January 09, 2012
In December 2010, a man in Tunisia set himself on fire to protest the local government's inaction against police misconduct. That act led to a wave of protests across North Africa and the Middle East, driven in part by the use of social media. Similar uprisings, guided and coordinated by social media users, have occurred in Bahrain, Syria, and Libya; and the U.S. military has been called upon to conduct stability, security, transition, or reconstruction operations in some of these countries.
There is widespread recognition that the Department of Defense and other government agencies need insight into human social dynamics—those aspects of collective human attitudes and interactions that shape perceptions, decisions, and actions, says John Gersh, of the Research and Exploratory Development Department (REDD), who recently edited a special issue of the Johns Hopkins APL Technical Digest describing Laboratory work in that area. "Each country is unique, but increasing our knowledge of common aspects of social identity, organization, and interaction will help us to understand, respond to, and maybe even forecast such events."
APL recently carried out a substantial independent research and development effort in this area. Several defense sponsors—including the Office of Naval Research and the Air Force Research Laboratory—have funded work derived from the program, and other potential sponsors have their eyes on APL's progress.
Human Language Technology
APL has long-standing expertise in technology that can automatically analyze images, as well as speech and text, in multiple languages. Building on these efforts, researchers are developing models and algorithms to extract data from text that may lead to a better understanding of social movements, political developments, and responses of local populations to counterinsurgency or stability operations.

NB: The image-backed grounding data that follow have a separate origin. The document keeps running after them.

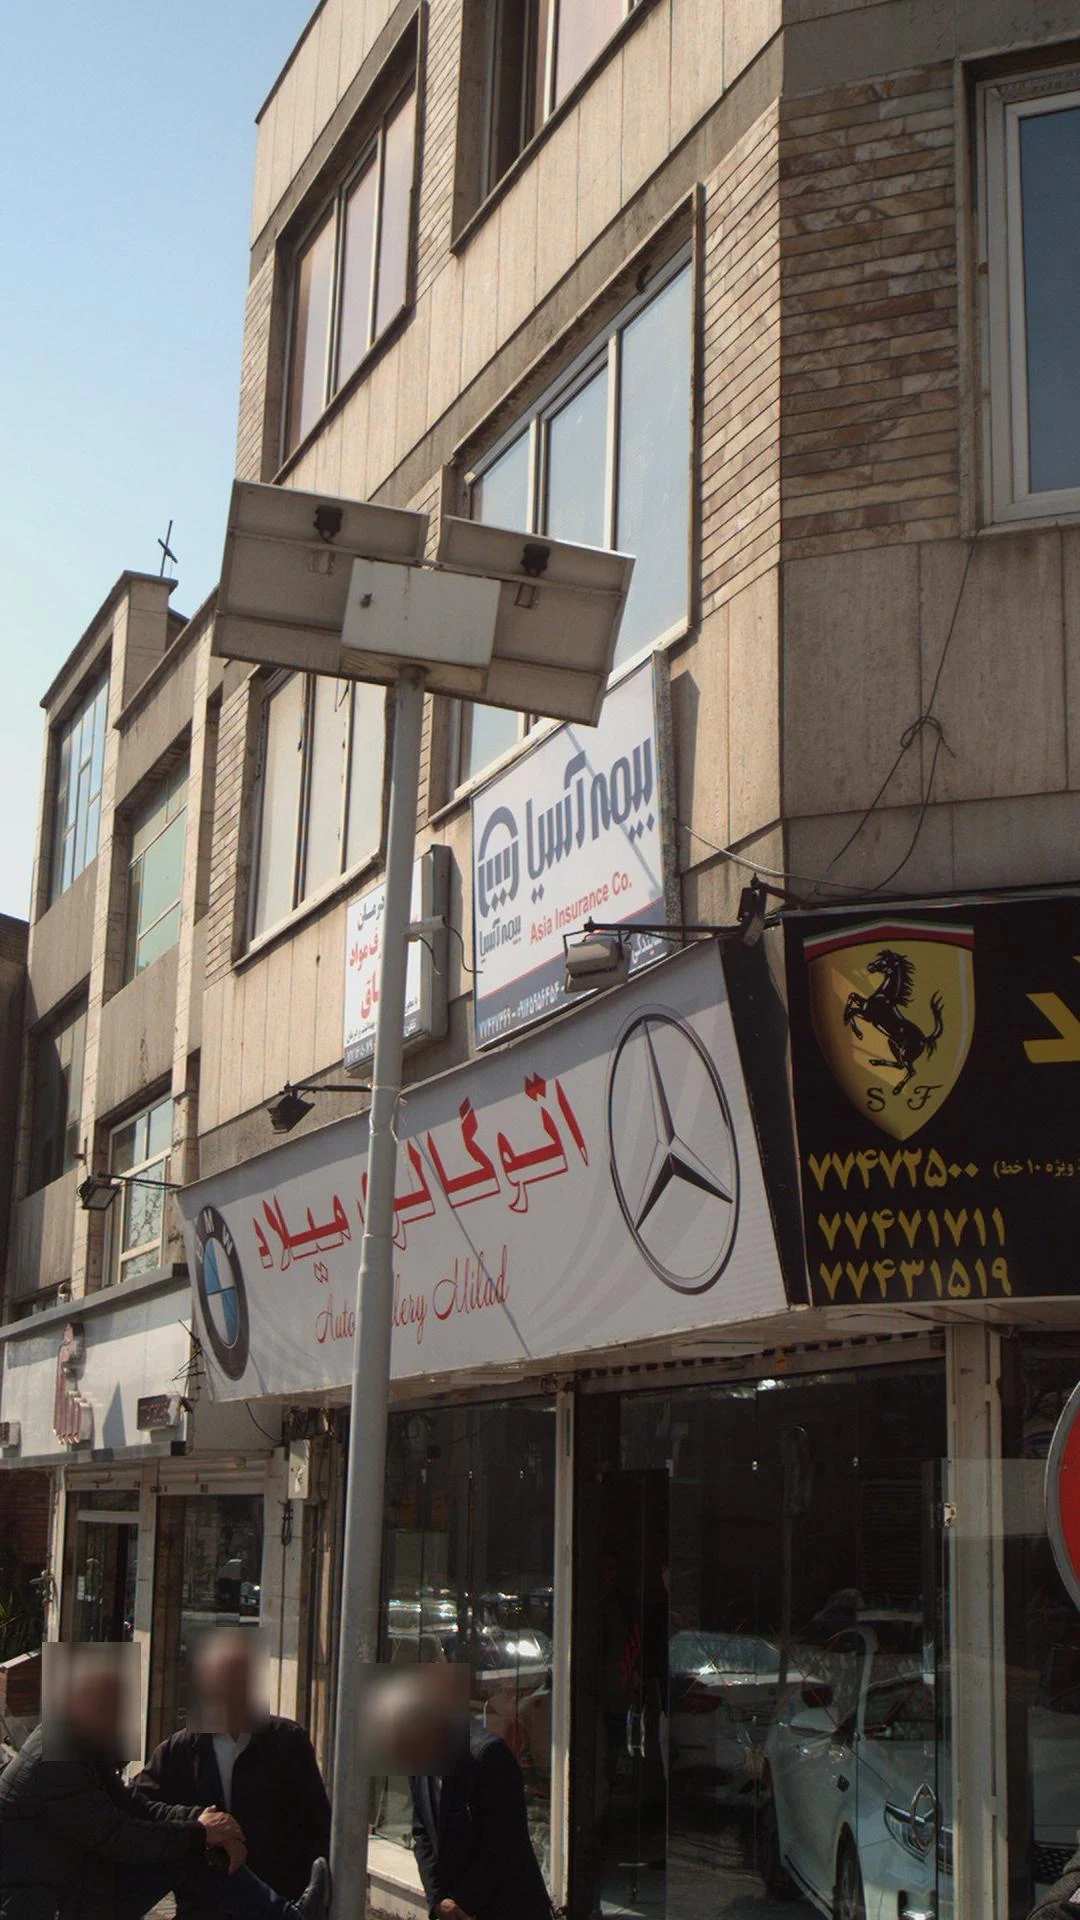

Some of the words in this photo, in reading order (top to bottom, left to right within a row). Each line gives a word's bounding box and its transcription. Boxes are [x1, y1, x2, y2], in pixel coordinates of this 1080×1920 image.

[525, 750, 587, 904] آسیا
[590, 737, 655, 843] بیمه
[530, 915, 553, 945] Asia
[555, 884, 610, 930] Insurance
[611, 871, 633, 896] Co.
[808, 1148, 979, 1191] ۷۷۴۷۲۵۰۰
[252, 1193, 352, 1284] میلاد
[818, 1207, 1006, 1250] ۷۷۴۷۱۷۱۱
[432, 1244, 511, 1320] Milad
[819, 1257, 1012, 1300] ۷۷۴۳۱۵۱۹

The proliferation of Internet blogs and discussion forums has presented a gold mine for those seeking to measure the opinion of the masses, including the military. Using data gleaned from blogs geared toward politics, knitting, and tango dancing, APL researchers have extracted expressions of positive or negative attitudes from text—a process known as sentiment analysis. Such a capability would allow sponsors to detect shifts in both the volume and sentiment of mission-critical topics.
APL researchers have also been fine-tuning methods for detecting and classifying names in text, and applying that information to real-world situations—such as checking names against "no fly" lists.
Finding Online Artifacts
Every second, millions of people generate and share content online that leaves trails of so-called digital social artifacts—blog entries, Facebook updates, and e-mails. Recognizing an opportunity to develop insights from such data, APL researchers developed SocialRank, an algorithm that assigns a numerical weight to each node in a social network to measure the node's (or the person's) relative importance within the network.
"SocialRank demonstrates the utility of using social signals to highly accelerate the analytic workflow," says REDD's Jaime Montemayor. "Broadly, our ability to discover and track relevant social media can alert analysts to quickly locate and understand the onset of important events, such as natural disasters or terrorist activities."
Many of today's political conflicts are based on social identity differences—think of the Tutsi versus Hutu violence in Rwanda—and sides are drawn along ethnic, religious, and ideological lines. APL has developed the Social Identity Look-Ahead Simulation (SILAS), a game that models the effects of social identity on opinions and attitudes and provides a mechanism to make predictions about hypothetical conflicts.
National Security Analysis Department analysts used SILAS last year in a war game exercise called the Green Country Model. Since then, the Office of Naval Research has funded follow-on work, which is collecting open-text data from blogs, discussion forums, and Twitter, and then performing sentiment analysis on postings related to Nigerian politics. Researchers will then compare that data with polling data. If successful, this effort may help to establish a faster and more detailed source of data for verifying sociopolitical models.
"When I began working at APL more than 30 years ago, our challenges lay in developing technology and engineering systems to deal with threats to our national security," writes Gersh in the Technical Digest. "That has not changed, of course, but now we face a radically changed environment. Then threats changed slowly and were clear, localized, and well defined. Now threats change rapidly, are hidden by intent or by nature, and are worldwide and amorphous."
"In response, APL is applying longstanding capabilities and developing new ones to help our sponsors and the nation deal with this new environment. The modern imperative for U.S. counterinsurgency forces is ‘learn and adapt.‘ This imperative also applies to organizations like APL that support counterinsurgency forces and their mission."